CGTP considera "absolutamente ridicula" verba de combate a desemprego jovem

A CGTP classificou hoje como "absolutamente ridículo" o valor disponibilizado pela União Europeia para a garantia jovem, por considerar que o problema do desemprego jovem "resolve-se pondo termo às políticas de austeridade".

"É um valor absolutamente ridículo. Seis mil milhões de euros, ou mesmo que seja oito mil milhões, para dois anos, para promover o desemprego jovem é qualquer coisa de ridículo, que visa pura e simplesmente adiantar um número, para parecer que se quer fazer alguma coisa", afirmou hoje, em declarações à Lusa, Joaquim Dionísio, da comissão executiva da Intersindical.

Os líderes europeus acordaram hoje antecipar para 2014 e 2015 a disponibilização da verba de seis mil milhões de euros, destinada à garantia jovem, inicialmente prevista para o período 2014-2020, anunciou o presidente do Conselho Europeu.

"O problema do desemprego dos jovens não tem nada que ver com o investimento de oito mil milhões de euros, ou de seis mil ou de vinte mil. O problema do desemprego dos jovens resolve-se se for posto termo às políticas de austeridade", defendeu Joaquim Dionísio.

Para o sindicalista, "se os países da União Europeia, designadamente Portugal, não começarem a crescer, se não houver crescimento económico, se as políticas de austeridade se mantiverem, se a recessão se mantiver, não há resolução dos problemas de emprego da juventude".

"Nem da juventude nem de ninguém.

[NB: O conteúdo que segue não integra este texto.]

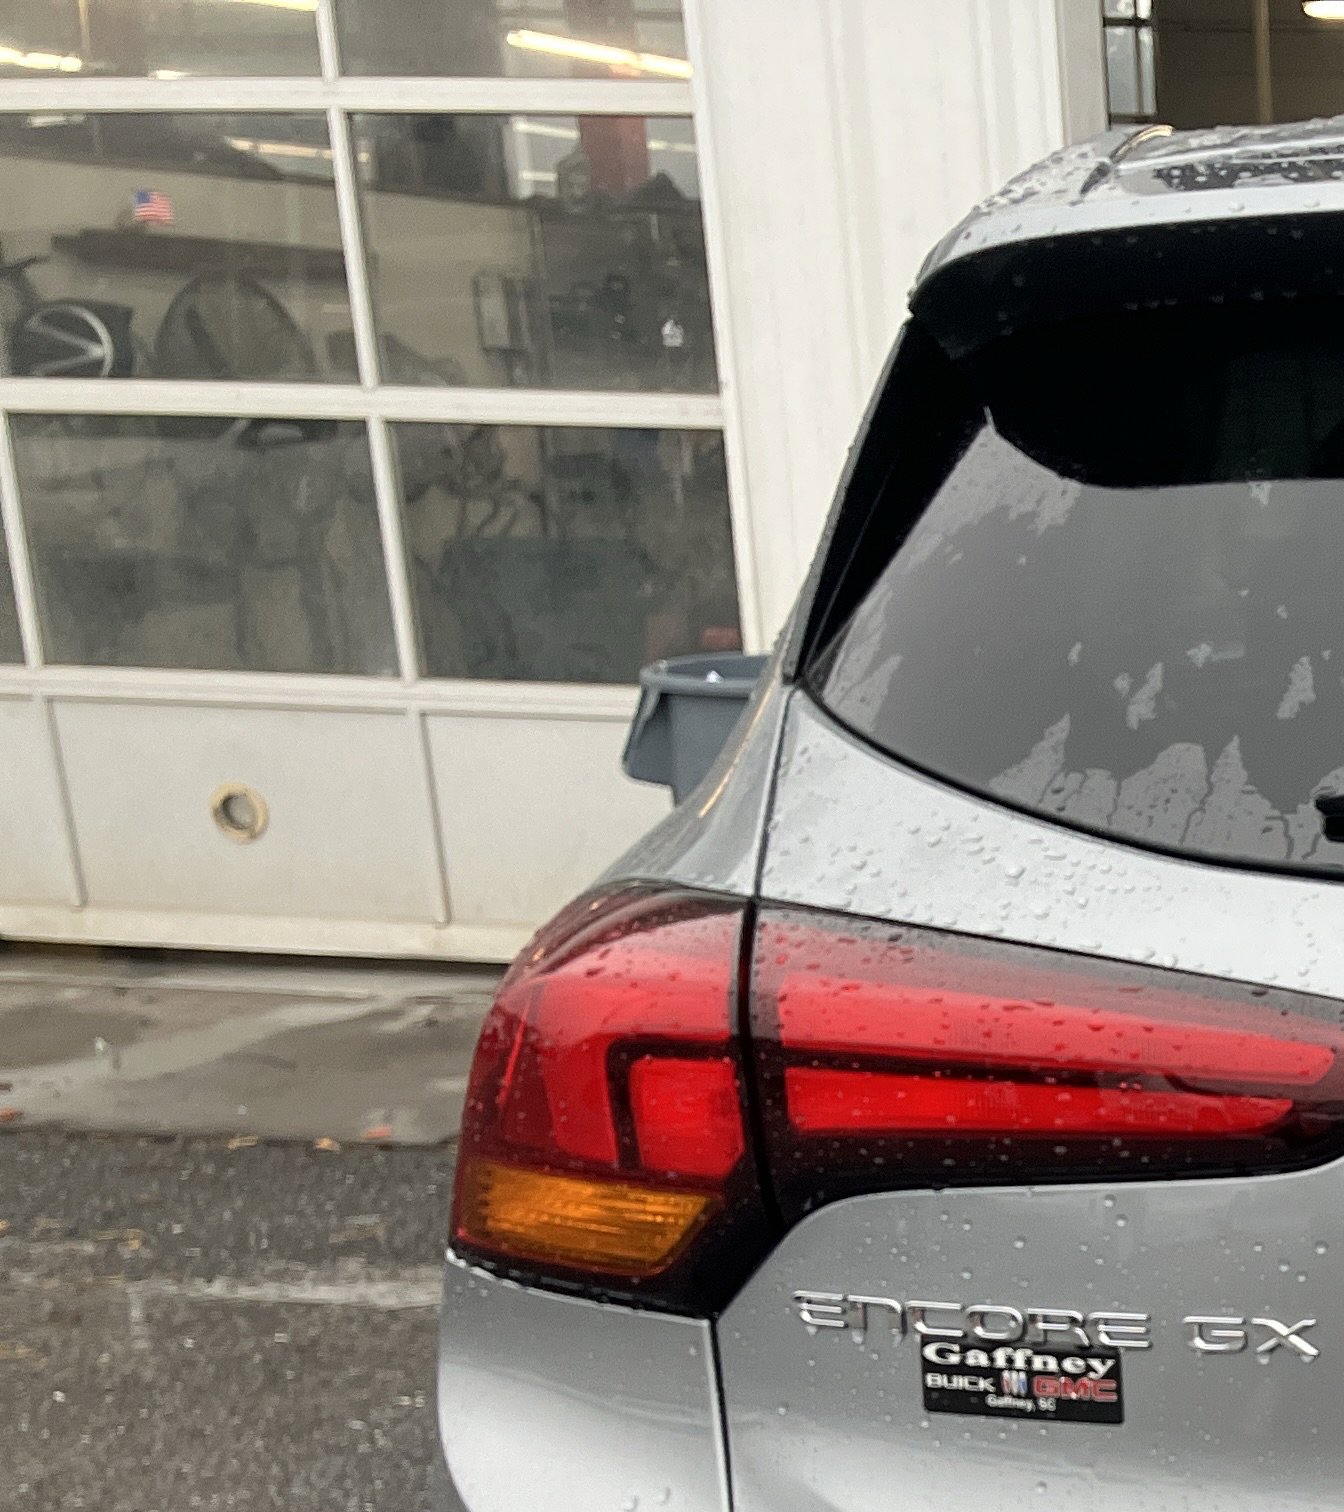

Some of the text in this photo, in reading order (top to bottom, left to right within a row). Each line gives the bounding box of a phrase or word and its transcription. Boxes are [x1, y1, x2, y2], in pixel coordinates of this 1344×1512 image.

[793, 1290, 1320, 1357] ENCORE GX
[922, 1341, 1116, 1380] Gaffney
[925, 1372, 1118, 1403] BUICK GMC
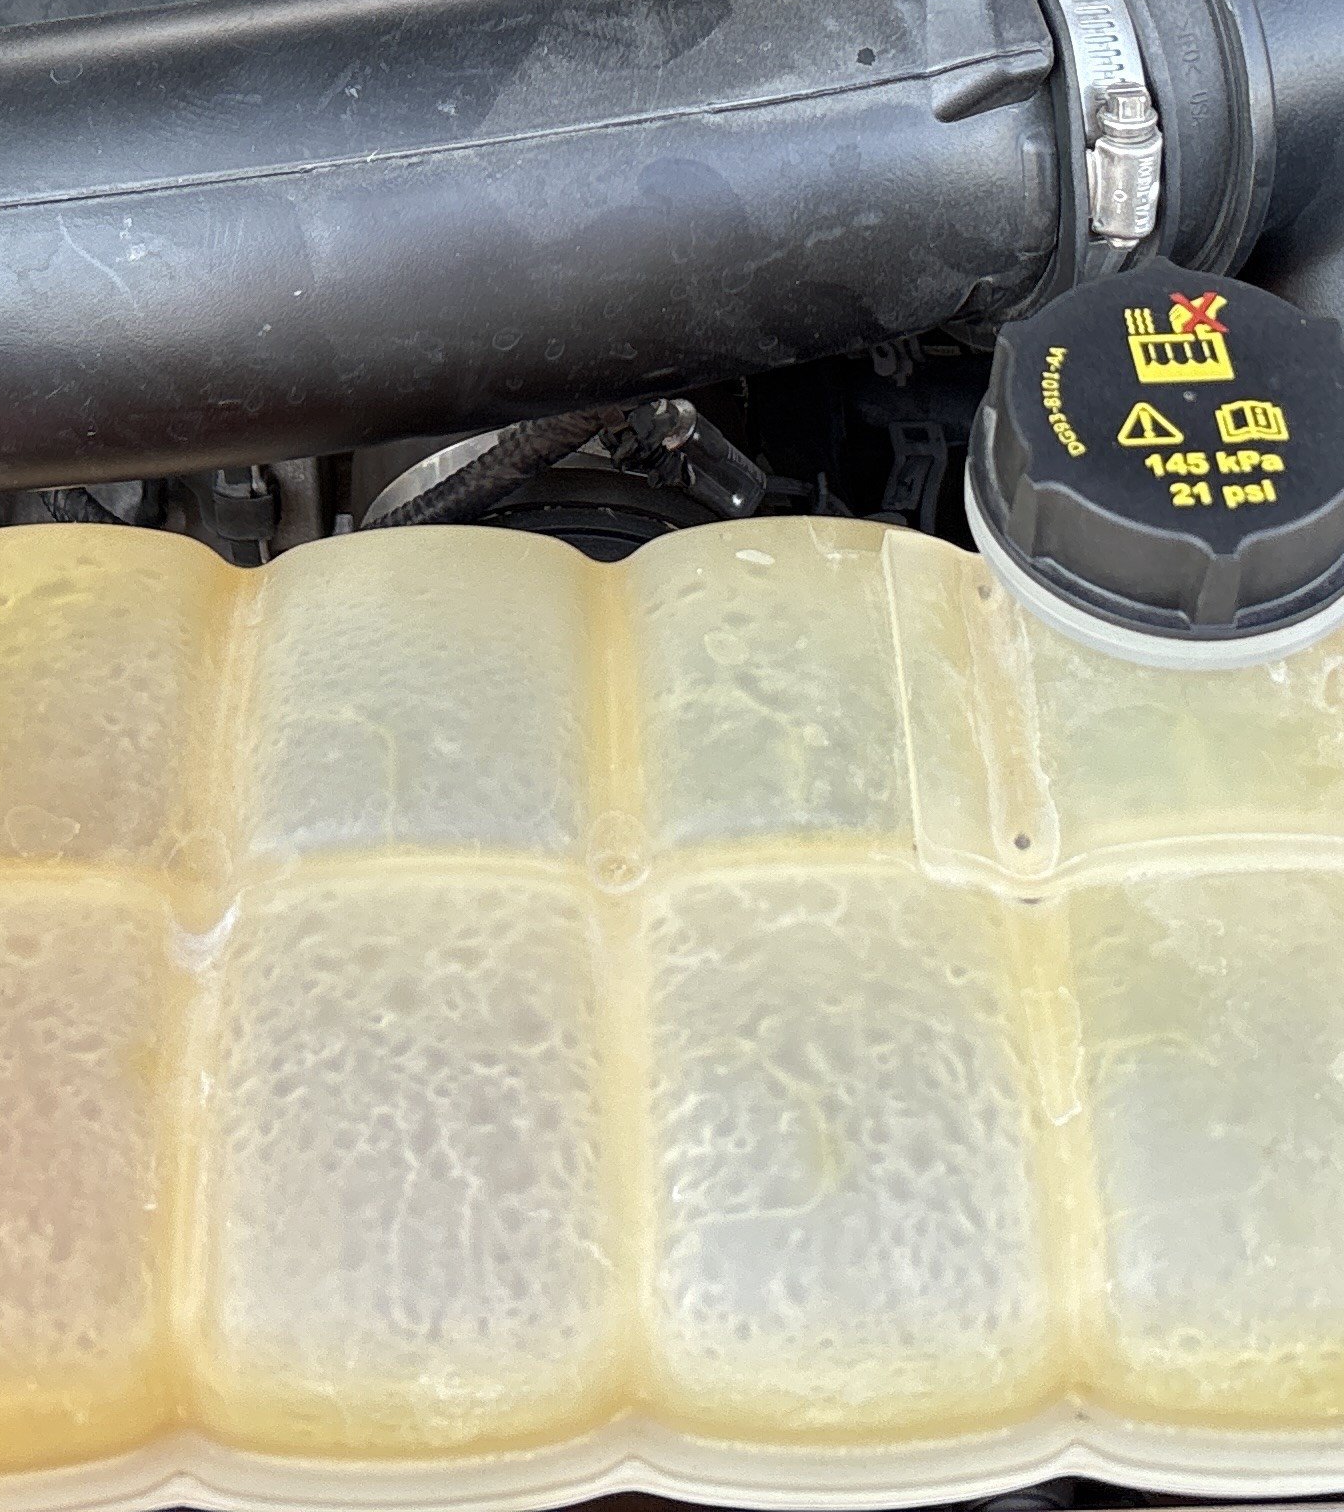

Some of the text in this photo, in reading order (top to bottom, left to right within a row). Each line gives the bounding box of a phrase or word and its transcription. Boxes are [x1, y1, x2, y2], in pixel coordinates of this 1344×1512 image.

[1144, 449, 1285, 478] 145 kPa
[1169, 478, 1277, 508] 21 psi
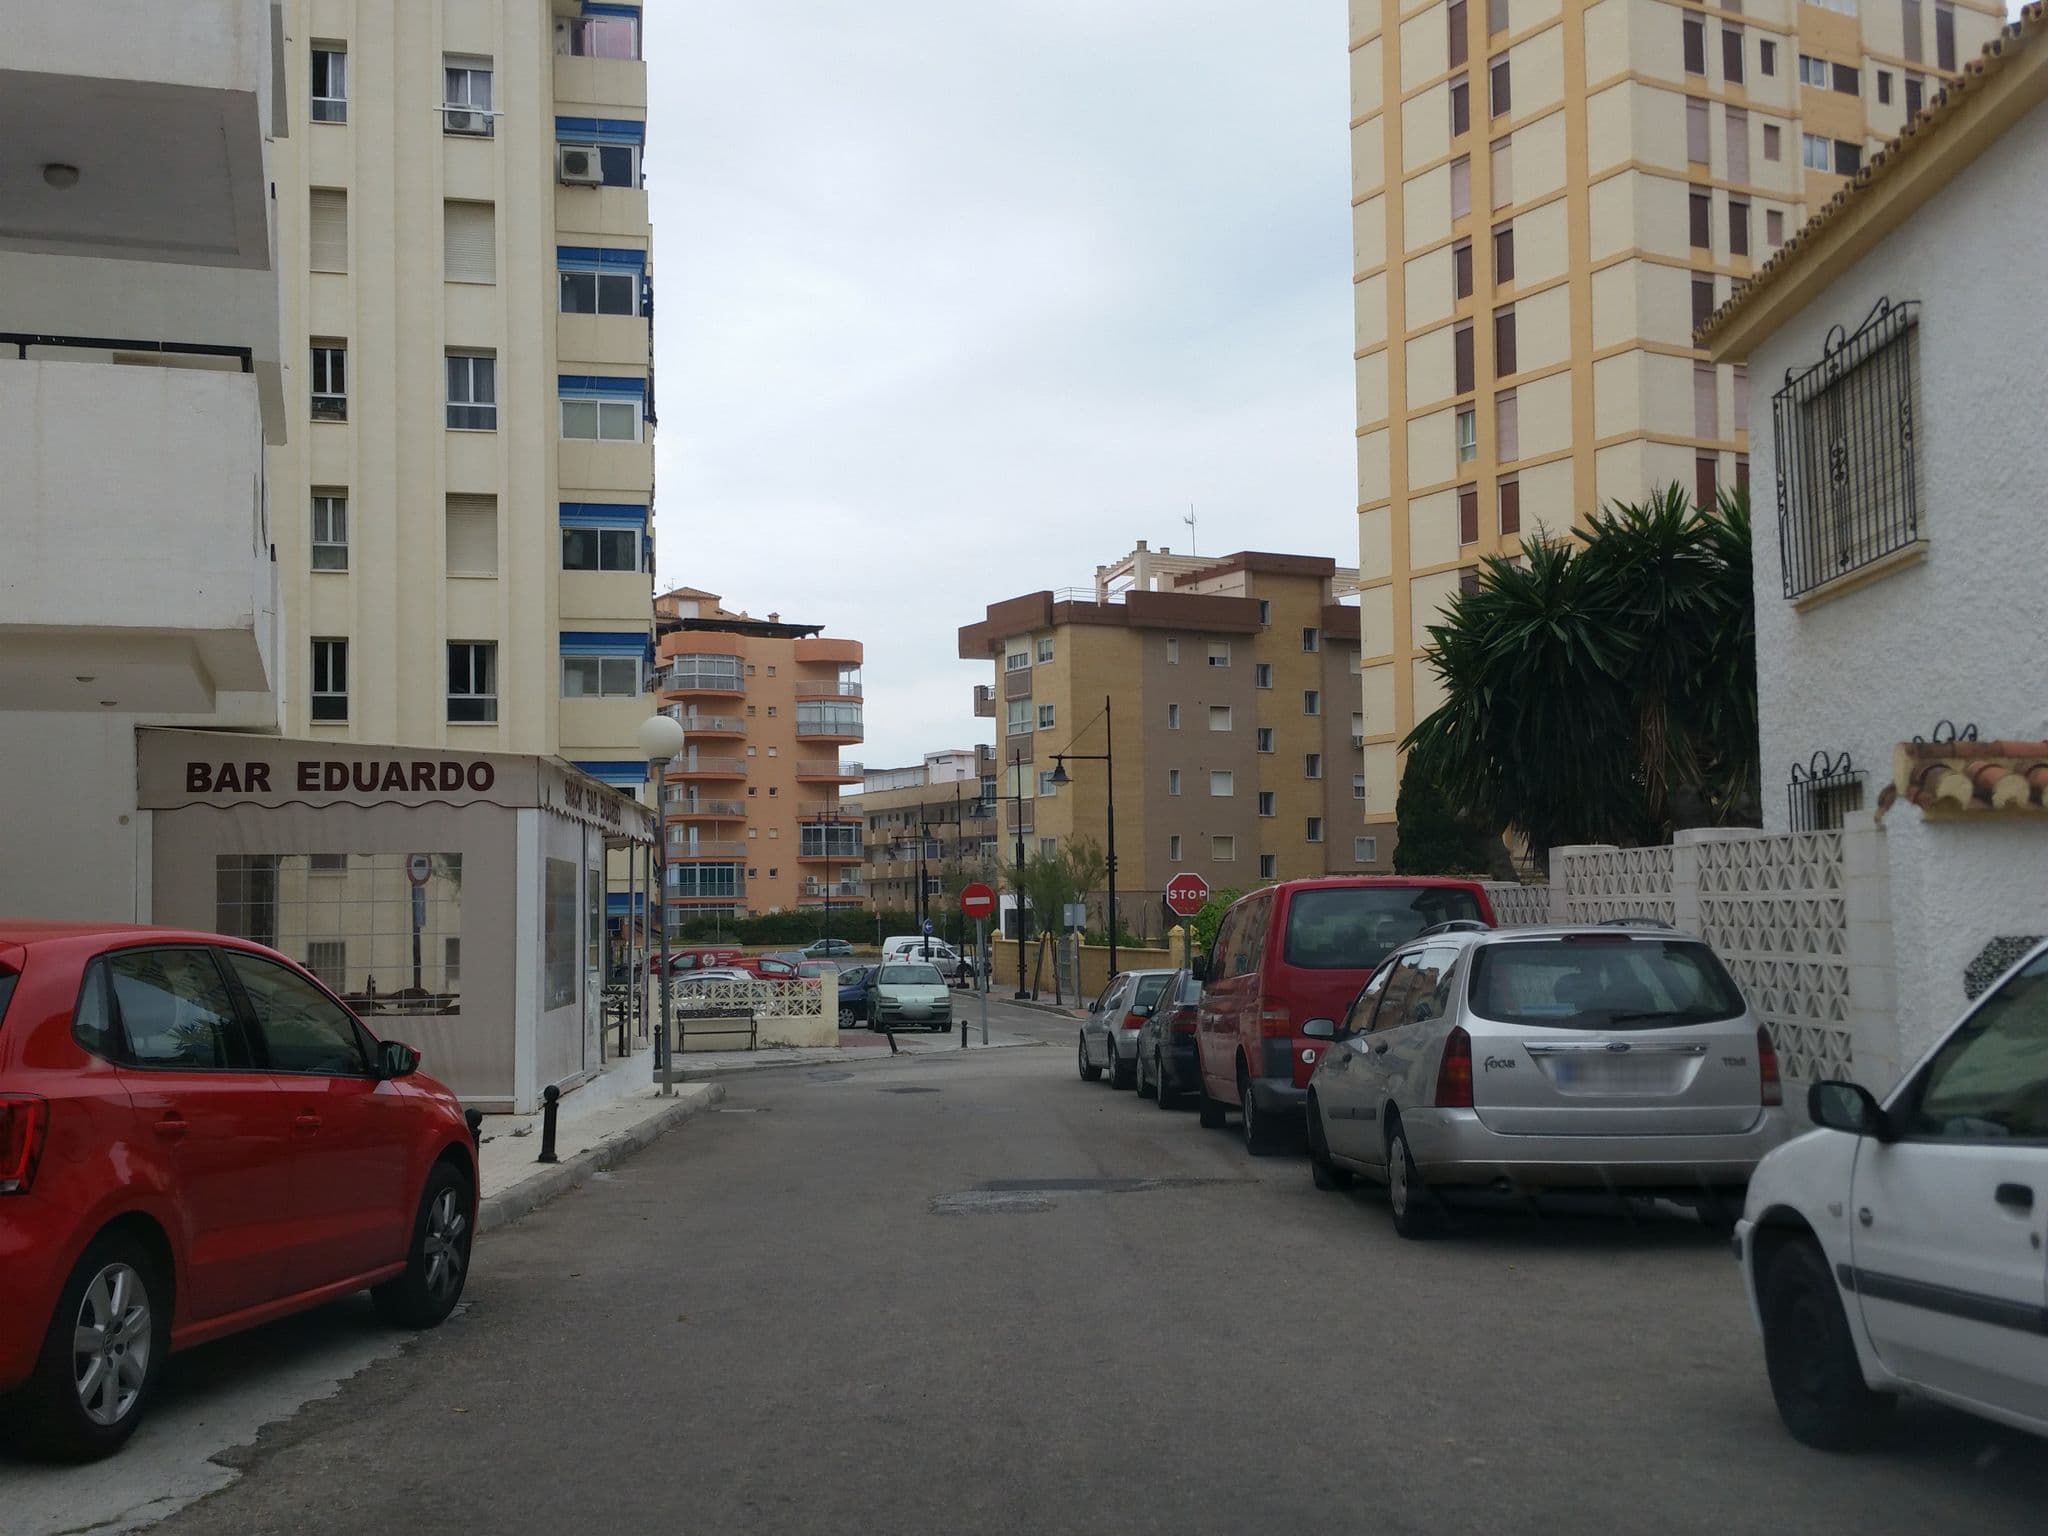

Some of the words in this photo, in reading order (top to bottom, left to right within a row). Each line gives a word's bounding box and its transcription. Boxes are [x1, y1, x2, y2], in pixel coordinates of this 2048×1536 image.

[186, 762, 272, 793] BAR
[297, 761, 495, 792] EDUARDO
[1170, 889, 1206, 900] STOP
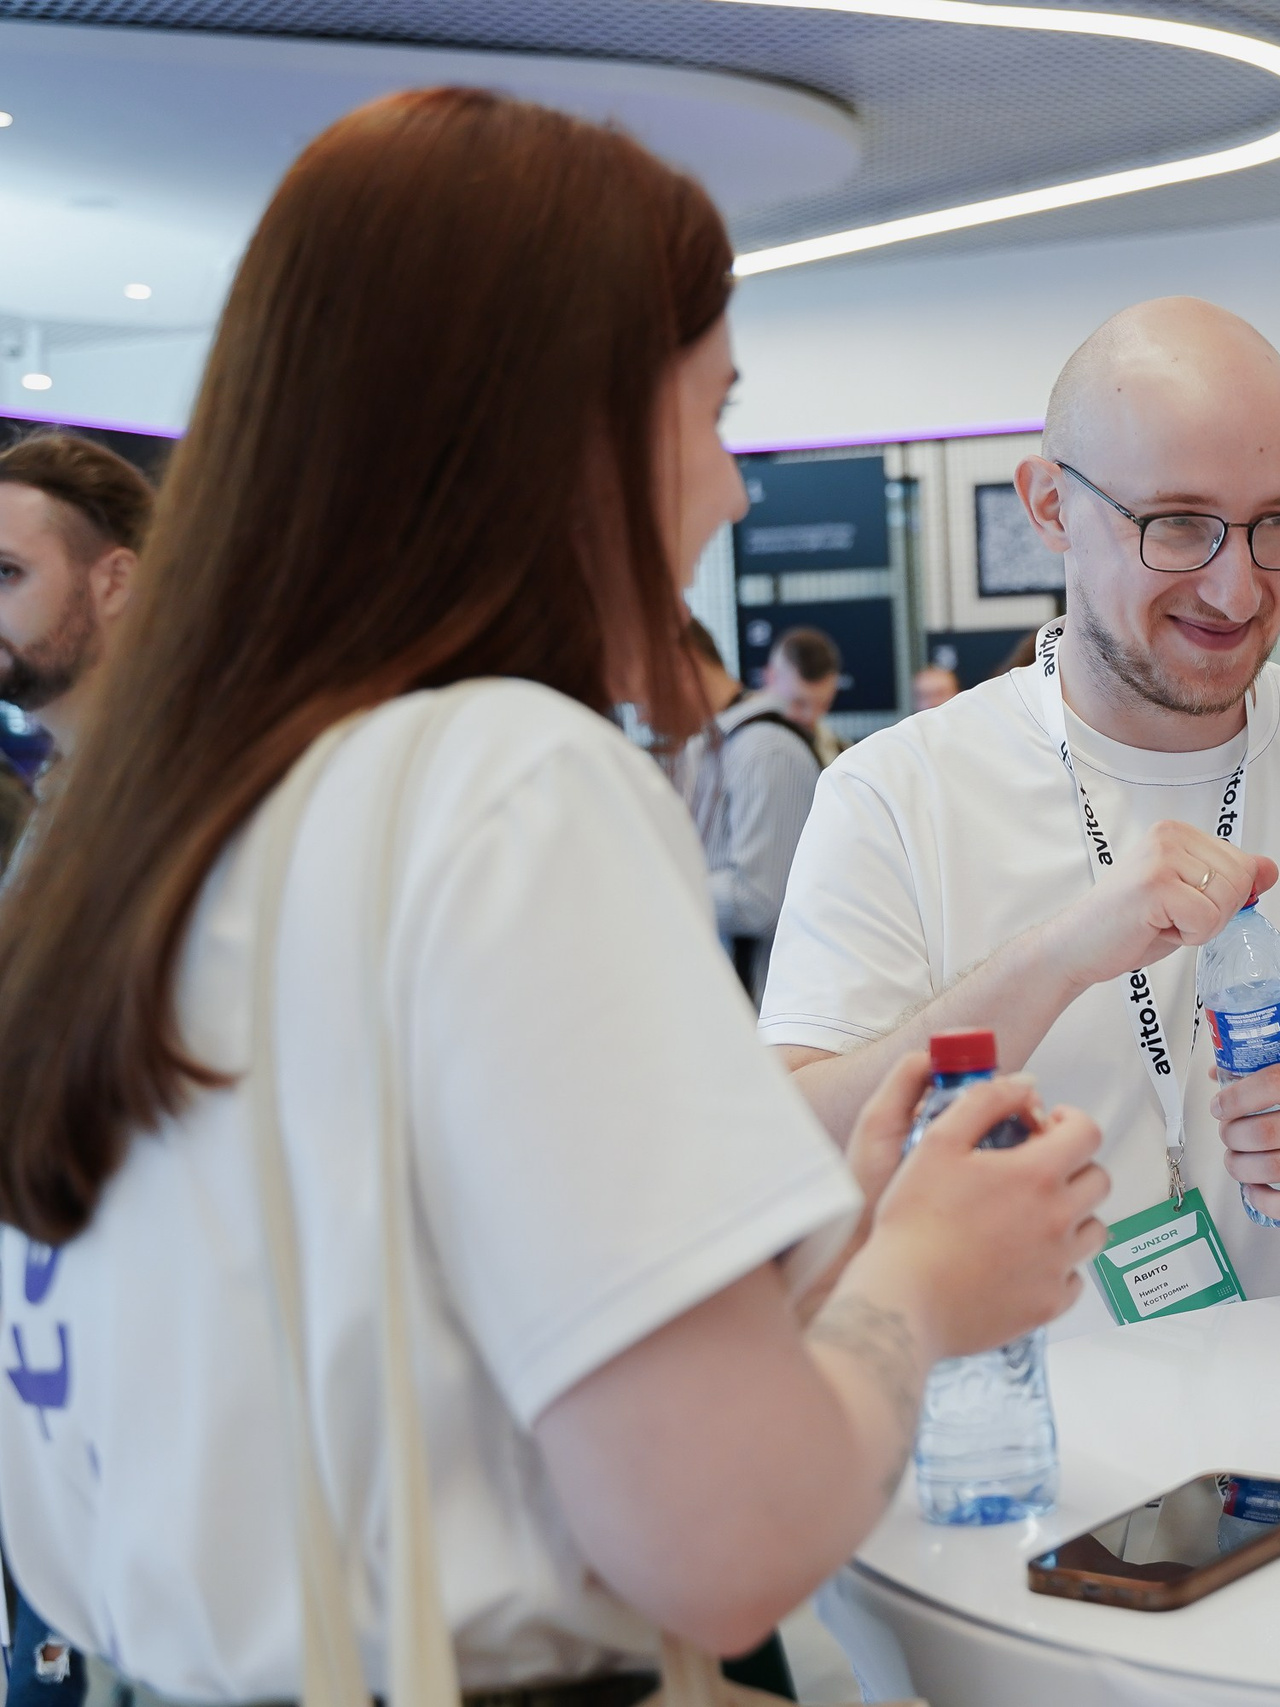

Tudo aquilo que a União Europeia, o Governo e o presidente da Comissão Europeia [o português José Manuel Durão Barroso] vêm ridiculamente dizer que se destina à promoção do emprego jovem é qualquer coisa que não faz rigorosamente nenhum sentido", disse.

Joaquim Dionísio diz tratar-se "pura e simplesmente de tentar atirar areia para os olhos das pessoas".

"Porque o que aquilo significa é que não se vai fazer rigorosamente nada", afirmou, acrescentando que "o que se vai continuar a fazer é mais do mesmo: manutenção das políticas de austeridade com a juventude a continuar a ficar desempregada, sem soluções e, no caso dos portugueses, a continuar a emigrar, eventualmente e cada vez mais para fora da Europa, que está num processo de recessão".